*TASK GOAL*:
Output the listing below verbatim, from its first line to its last.

***** DATA SHOWN *****

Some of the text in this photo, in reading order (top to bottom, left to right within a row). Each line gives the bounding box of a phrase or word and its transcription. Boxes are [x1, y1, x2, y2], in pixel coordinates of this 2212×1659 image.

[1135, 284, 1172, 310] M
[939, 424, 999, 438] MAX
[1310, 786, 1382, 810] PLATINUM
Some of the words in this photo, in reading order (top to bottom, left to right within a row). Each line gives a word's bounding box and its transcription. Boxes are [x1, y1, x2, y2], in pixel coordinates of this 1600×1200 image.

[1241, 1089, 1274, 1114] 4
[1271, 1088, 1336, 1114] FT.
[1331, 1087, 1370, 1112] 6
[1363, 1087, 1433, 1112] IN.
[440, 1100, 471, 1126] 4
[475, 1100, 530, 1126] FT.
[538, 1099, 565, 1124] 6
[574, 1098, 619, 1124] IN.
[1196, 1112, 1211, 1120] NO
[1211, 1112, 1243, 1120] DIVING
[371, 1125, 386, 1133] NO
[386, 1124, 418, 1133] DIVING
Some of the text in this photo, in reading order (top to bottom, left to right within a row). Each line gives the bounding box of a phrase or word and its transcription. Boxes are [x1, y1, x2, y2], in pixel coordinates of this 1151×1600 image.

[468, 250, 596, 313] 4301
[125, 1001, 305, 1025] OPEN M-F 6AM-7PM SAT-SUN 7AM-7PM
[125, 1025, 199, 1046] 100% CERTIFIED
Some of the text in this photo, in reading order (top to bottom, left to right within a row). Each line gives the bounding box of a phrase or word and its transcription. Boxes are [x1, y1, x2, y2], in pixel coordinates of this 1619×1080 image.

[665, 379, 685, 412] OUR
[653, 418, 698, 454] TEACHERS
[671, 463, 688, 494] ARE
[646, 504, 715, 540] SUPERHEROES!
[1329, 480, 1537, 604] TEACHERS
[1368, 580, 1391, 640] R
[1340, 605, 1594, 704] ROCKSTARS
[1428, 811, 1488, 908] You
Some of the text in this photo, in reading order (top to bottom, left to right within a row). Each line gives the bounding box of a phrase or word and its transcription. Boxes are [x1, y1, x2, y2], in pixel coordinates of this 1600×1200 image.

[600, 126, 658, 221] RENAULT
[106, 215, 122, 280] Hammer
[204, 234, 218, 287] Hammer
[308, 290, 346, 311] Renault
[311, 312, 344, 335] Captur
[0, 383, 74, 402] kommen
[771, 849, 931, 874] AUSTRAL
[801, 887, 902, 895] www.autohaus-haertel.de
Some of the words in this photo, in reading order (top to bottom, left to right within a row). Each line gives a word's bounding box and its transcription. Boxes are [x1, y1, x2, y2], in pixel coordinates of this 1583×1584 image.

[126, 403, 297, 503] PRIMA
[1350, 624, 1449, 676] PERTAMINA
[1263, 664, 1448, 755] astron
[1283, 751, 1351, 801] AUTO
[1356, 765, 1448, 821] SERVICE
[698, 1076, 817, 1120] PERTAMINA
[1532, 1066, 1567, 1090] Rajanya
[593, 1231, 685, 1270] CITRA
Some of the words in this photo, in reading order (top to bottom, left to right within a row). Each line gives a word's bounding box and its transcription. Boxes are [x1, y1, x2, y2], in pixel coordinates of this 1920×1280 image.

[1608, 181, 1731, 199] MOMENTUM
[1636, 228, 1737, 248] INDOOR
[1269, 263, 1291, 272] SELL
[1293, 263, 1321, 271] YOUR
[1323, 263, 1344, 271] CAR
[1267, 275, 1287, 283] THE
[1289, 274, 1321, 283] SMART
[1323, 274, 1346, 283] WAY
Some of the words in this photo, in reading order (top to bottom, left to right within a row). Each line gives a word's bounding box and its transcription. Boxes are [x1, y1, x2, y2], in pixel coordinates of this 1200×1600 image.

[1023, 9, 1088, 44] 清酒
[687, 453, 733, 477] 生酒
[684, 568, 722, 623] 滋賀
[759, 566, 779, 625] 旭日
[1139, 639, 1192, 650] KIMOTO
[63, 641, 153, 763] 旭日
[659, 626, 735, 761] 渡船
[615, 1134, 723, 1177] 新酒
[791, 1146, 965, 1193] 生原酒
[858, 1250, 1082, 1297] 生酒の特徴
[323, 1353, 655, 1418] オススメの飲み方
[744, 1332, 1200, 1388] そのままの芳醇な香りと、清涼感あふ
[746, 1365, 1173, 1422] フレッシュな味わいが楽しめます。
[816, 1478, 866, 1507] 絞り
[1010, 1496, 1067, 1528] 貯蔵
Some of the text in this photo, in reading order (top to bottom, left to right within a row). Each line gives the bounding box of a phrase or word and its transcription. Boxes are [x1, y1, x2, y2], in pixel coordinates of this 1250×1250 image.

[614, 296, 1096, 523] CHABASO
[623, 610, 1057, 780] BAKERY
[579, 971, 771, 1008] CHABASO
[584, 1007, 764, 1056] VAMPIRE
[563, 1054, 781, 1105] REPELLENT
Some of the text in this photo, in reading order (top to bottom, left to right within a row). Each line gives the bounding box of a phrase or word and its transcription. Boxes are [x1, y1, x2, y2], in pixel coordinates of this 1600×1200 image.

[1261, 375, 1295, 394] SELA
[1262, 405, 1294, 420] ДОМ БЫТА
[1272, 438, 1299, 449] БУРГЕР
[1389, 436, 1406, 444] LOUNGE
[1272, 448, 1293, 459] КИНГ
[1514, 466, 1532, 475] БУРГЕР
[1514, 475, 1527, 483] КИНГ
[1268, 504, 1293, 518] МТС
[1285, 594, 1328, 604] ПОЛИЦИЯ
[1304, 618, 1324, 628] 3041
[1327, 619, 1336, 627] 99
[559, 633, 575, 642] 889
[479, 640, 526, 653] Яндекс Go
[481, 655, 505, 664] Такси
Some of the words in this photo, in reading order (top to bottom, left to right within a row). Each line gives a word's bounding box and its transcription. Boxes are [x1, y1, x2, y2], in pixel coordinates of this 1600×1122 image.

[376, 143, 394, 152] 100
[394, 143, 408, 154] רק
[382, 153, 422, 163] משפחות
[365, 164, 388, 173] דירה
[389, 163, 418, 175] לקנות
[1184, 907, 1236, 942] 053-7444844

*****

*RESULT*:
Some of the text in this photo, in reading order (top to bottom, left to right within a row). Each line gives the bounding box of a phrase or word and its transcription. Boxes are [x1, y1, x2, y2], in pixel coordinates of this 2212×1659 image.

[1135, 284, 1172, 310] M
[939, 424, 999, 438] MAX
[1310, 786, 1382, 810] PLATINUM
Some of the words in this photo, in reading order (top to bottom, left to right within a row). Each line gives a word's bounding box and its transcription. Boxes are [x1, y1, x2, y2], in pixel coordinates of this 1600×1200 image.

[1241, 1089, 1274, 1114] 4
[1271, 1088, 1336, 1114] FT.
[1331, 1087, 1370, 1112] 6
[1363, 1087, 1433, 1112] IN.
[440, 1100, 471, 1126] 4
[475, 1100, 530, 1126] FT.
[538, 1099, 565, 1124] 6
[574, 1098, 619, 1124] IN.
[1196, 1112, 1211, 1120] NO
[1211, 1112, 1243, 1120] DIVING
[371, 1125, 386, 1133] NO
[386, 1124, 418, 1133] DIVING
Some of the text in this photo, in reading order (top to bottom, left to right within a row). Each line gives the bounding box of a phrase or word and its transcription. Boxes are [x1, y1, x2, y2], in pixel coordinates of this 1151×1600 image.

[468, 250, 596, 313] 4301
[125, 1001, 305, 1025] OPEN M-F 6AM-7PM SAT-SUN 7AM-7PM
[125, 1025, 199, 1046] 100% CERTIFIED
Some of the text in this photo, in reading order (top to bottom, left to right within a row). Each line gives the bounding box of a phrase or word and its transcription. Boxes are [x1, y1, x2, y2], in pixel coordinates of this 1619×1080 image.

[665, 379, 685, 412] OUR
[653, 418, 698, 454] TEACHERS
[671, 463, 688, 494] ARE
[646, 504, 715, 540] SUPERHEROES!
[1329, 480, 1537, 604] TEACHERS
[1368, 580, 1391, 640] R
[1340, 605, 1594, 704] ROCKSTARS
[1428, 811, 1488, 908] You
Some of the text in this photo, in reading order (top to bottom, left to right within a row). Each line gives the bounding box of a phrase or word and its transcription. Boxes are [x1, y1, x2, y2], in pixel coordinates of this 1600×1200 image.

[600, 126, 658, 221] RENAULT
[106, 215, 122, 280] Hammer
[204, 234, 218, 287] Hammer
[308, 290, 346, 311] Renault
[311, 312, 344, 335] Captur
[0, 383, 74, 402] kommen
[771, 849, 931, 874] AUSTRAL
[801, 887, 902, 895] www.autohaus-haertel.de
Some of the words in this photo, in reading order (top to bottom, left to right within a row). Each line gives a word's bounding box and its transcription. Boxes are [x1, y1, x2, y2], in pixel coordinates of this 1583×1584 image.

[126, 403, 297, 503] PRIMA
[1350, 624, 1449, 676] PERTAMINA
[1263, 664, 1448, 755] astron
[1283, 751, 1351, 801] AUTO
[1356, 765, 1448, 821] SERVICE
[698, 1076, 817, 1120] PERTAMINA
[1532, 1066, 1567, 1090] Rajanya
[593, 1231, 685, 1270] CITRA
Some of the words in this photo, in reading order (top to bottom, left to right within a row). Each line gives a word's bounding box and its transcription. Boxes are [x1, y1, x2, y2], in pixel coordinates of this 1920×1280 image.

[1608, 181, 1731, 199] MOMENTUM
[1636, 228, 1737, 248] INDOOR
[1269, 263, 1291, 272] SELL
[1293, 263, 1321, 271] YOUR
[1323, 263, 1344, 271] CAR
[1267, 275, 1287, 283] THE
[1289, 274, 1321, 283] SMART
[1323, 274, 1346, 283] WAY
Some of the words in this photo, in reading order (top to bottom, left to right within a row). Each line gives a word's bounding box and its transcription. Boxes are [x1, y1, x2, y2], in pixel coordinates of this 1200×1600 image.

[1023, 9, 1088, 44] 清酒
[687, 453, 733, 477] 生酒
[684, 568, 722, 623] 滋賀
[759, 566, 779, 625] 旭日
[1139, 639, 1192, 650] KIMOTO
[63, 641, 153, 763] 旭日
[659, 626, 735, 761] 渡船
[615, 1134, 723, 1177] 新酒
[791, 1146, 965, 1193] 生原酒
[858, 1250, 1082, 1297] 生酒の特徴
[323, 1353, 655, 1418] オススメの飲み方
[744, 1332, 1200, 1388] そのままの芳醇な香りと、清涼感あふ
[746, 1365, 1173, 1422] フレッシュな味わいが楽しめます。
[816, 1478, 866, 1507] 絞り
[1010, 1496, 1067, 1528] 貯蔵
Some of the text in this photo, in reading order (top to bottom, left to right within a row). Each line gives the bounding box of a phrase or word and its transcription. Boxes are [x1, y1, x2, y2], in pixel coordinates of this 1250×1250 image.

[614, 296, 1096, 523] CHABASO
[623, 610, 1057, 780] BAKERY
[579, 971, 771, 1008] CHABASO
[584, 1007, 764, 1056] VAMPIRE
[563, 1054, 781, 1105] REPELLENT
Some of the text in this photo, in reading order (top to bottom, left to right within a row). Each line gives the bounding box of a phrase or word and its transcription. Boxes are [x1, y1, x2, y2], in pixel coordinates of this 1600×1200 image.

[1261, 375, 1295, 394] SELA
[1262, 405, 1294, 420] ДОМ БЫТА
[1272, 438, 1299, 449] БУРГЕР
[1389, 436, 1406, 444] LOUNGE
[1272, 448, 1293, 459] КИНГ
[1514, 466, 1532, 475] БУРГЕР
[1514, 475, 1527, 483] КИНГ
[1268, 504, 1293, 518] МТС
[1285, 594, 1328, 604] ПОЛИЦИЯ
[1304, 618, 1324, 628] 3041
[1327, 619, 1336, 627] 99
[559, 633, 575, 642] 889
[479, 640, 526, 653] Яндекс Go
[481, 655, 505, 664] Такси
Some of the words in this photo, in reading order (top to bottom, left to right within a row). Each line gives a word's bounding box and its transcription. Boxes are [x1, y1, x2, y2], in pixel coordinates of this 1600×1122 image.

[376, 143, 394, 152] 100
[394, 143, 408, 154] רק
[382, 153, 422, 163] משפחות
[365, 164, 388, 173] דירה
[389, 163, 418, 175] לקנות
[1184, 907, 1236, 942] 053-7444844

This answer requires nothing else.